Bill Ives has listed a number (15 currently) of KM blogs in Some Knowledge Management Blogs (plus more in the comments). Beyond the obvious blogs that talk about knowledge management, there are many people covering the topic as part of their larger blogging interest. KnowledgeBoard has a listing of KM blogs. I know Bill wasn't attempting to be exhaustive, but here are some more that I read regularly.
- Conniecto from Gabriela Avram, an academic and consultant in Romania
- Croeso from Andy Boyd with Royal Dutch Shell
- Dubbings and Diversions from Jeremy Aarons, who is doing a PhD in the direction of KM
- excited utterances from Joy London on legal technology and KM
- Far Wise in Knowledge Management from Carla Verwijs, a colleague of Lilia Efimova (Mathemagenic)

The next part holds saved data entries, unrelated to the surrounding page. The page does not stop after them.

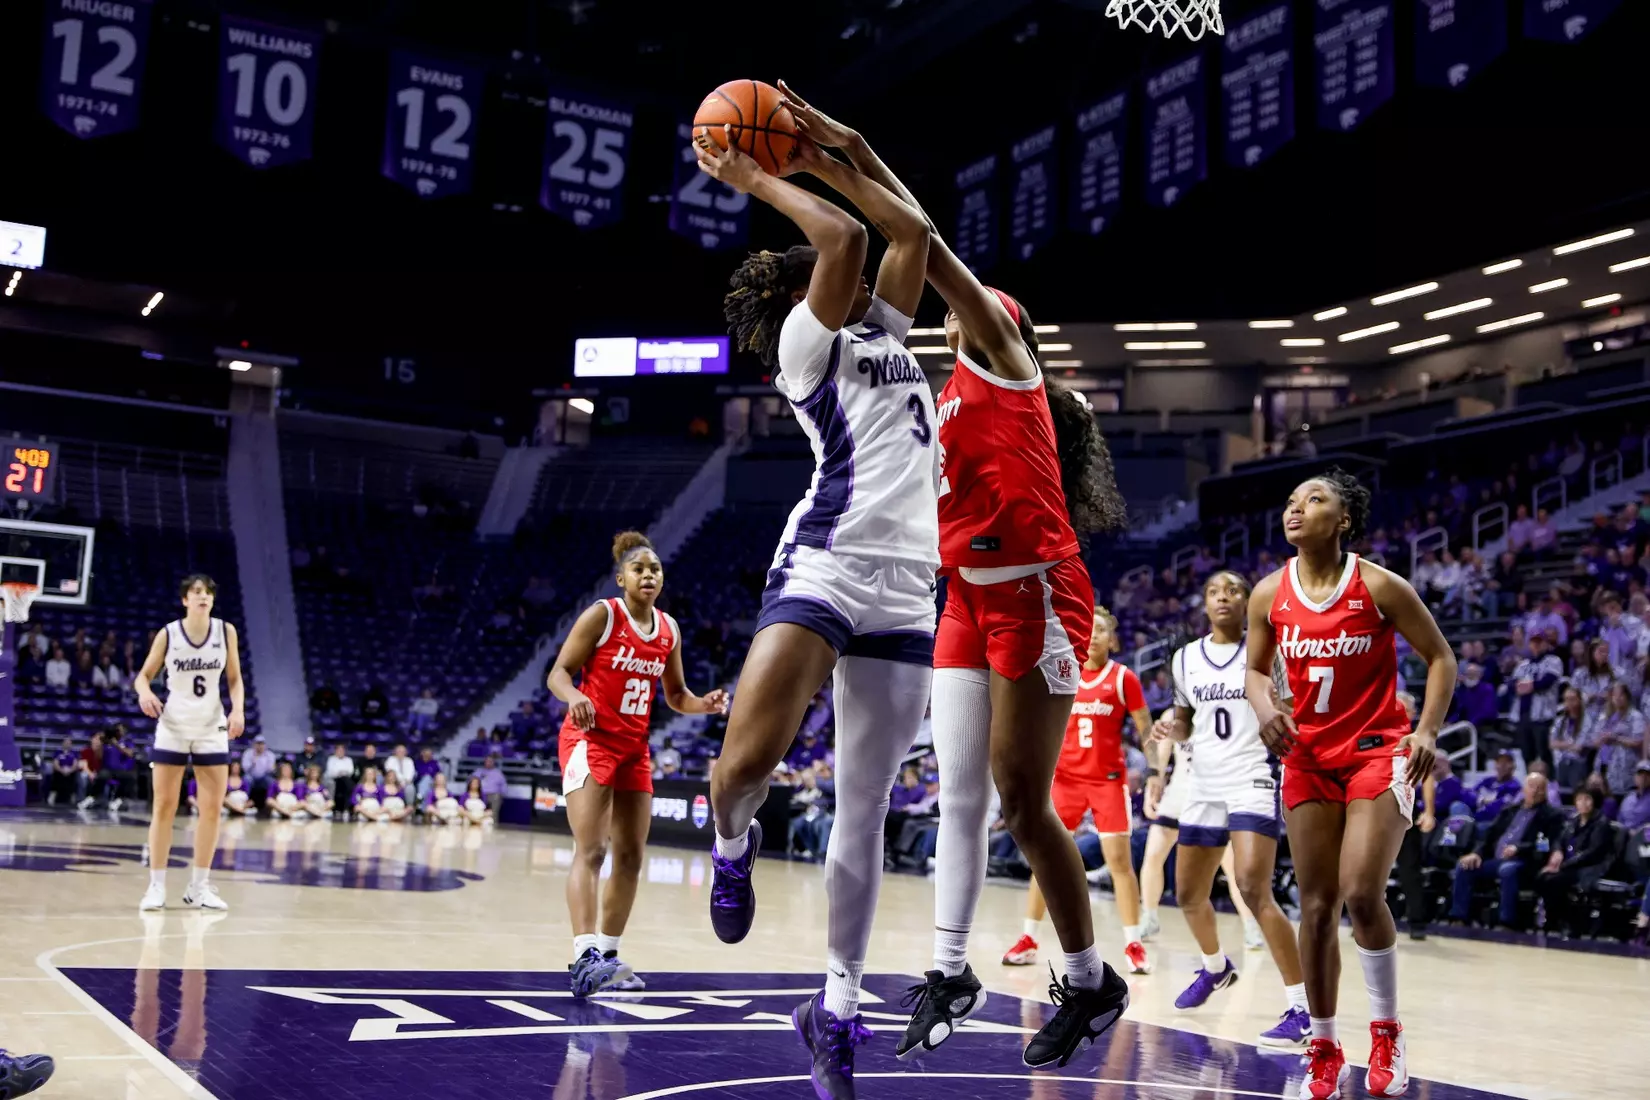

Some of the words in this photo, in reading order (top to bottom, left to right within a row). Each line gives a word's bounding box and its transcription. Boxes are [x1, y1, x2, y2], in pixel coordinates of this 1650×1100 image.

[61, 0, 135, 23] KRUGER
[52, 18, 138, 96] 12
[228, 27, 313, 59] WILLIAMS
[226, 52, 308, 126] 10
[409, 65, 464, 91] EVANS
[396, 86, 471, 160] 12
[548, 96, 634, 128] BLACKMAN
[547, 119, 625, 190] 25
[10, 238, 23, 256] 2
[384, 357, 416, 383] 15
[857, 353, 927, 389] Wildc
[906, 393, 932, 448] 3
[5, 463, 44, 494] 21
[1281, 624, 1372, 659] Houston
[173, 658, 221, 672] Wildcats
[193, 675, 206, 698] 6
[620, 677, 651, 715] 22
[1193, 682, 1249, 703] Wildcat
[1308, 666, 1335, 714] 7
[1071, 698, 1115, 717] ouston
[1215, 707, 1233, 740] 0
[1078, 717, 1093, 748] 2

- Goiaba Knowledge Bridge from Olaf Brugman
- How do you know that? from Christopher Smith
- The Pragmatics of KM Equals Success from "Skip" at ITToolbox blogs
- Knowledgeline from Tom, Mark and Allie with a bent toward law firm KM
- Mopsos gets my attention frequently
- Myndsi from Alison Pope, who focuses on librarianship issues that I find strongly connected to KM
- Networks, Complexity and Relatedness from Patti Anklam, who leans toward social network analysis
- ...no straight lines... from Brett Miller
- Perfect Path from Lloyd Davis with a KM consultancy
- Psybertron Knowledge Modeling from Ian Glendinning, another engineer-by-training
- Reflexions infrequent posts from Steve Barth, who publishes widely on personal knowledge management
- scale|free from Anu Gupta
- Scrapbook of My Life from Rosanna Tarsiero with a focus on community
- Seblogging from Sebastian Fiedler on cognition and blogging
- SoulSoup from Anol Bhattacharya, coming out of e-learning
- Ton's Interdependent Thoughts from Ton Zylstra with a strong focus on blogging
- x28's Blog from Matthias Melcher with discussion of PKM and KM
- yet another f*$#&@! learning experience from Michael Jones
There are many more amongst the 200+ feeds in my aggregator that talk about KM or personal KM or personal effectiveness. I've given up on a blogroll for now, but I see possible value for this kind of exercise. I could see that tying to a del.icio.us or other social bookmarking tool would be an interesting way to tag these blogs, and see how others think about the same blogs.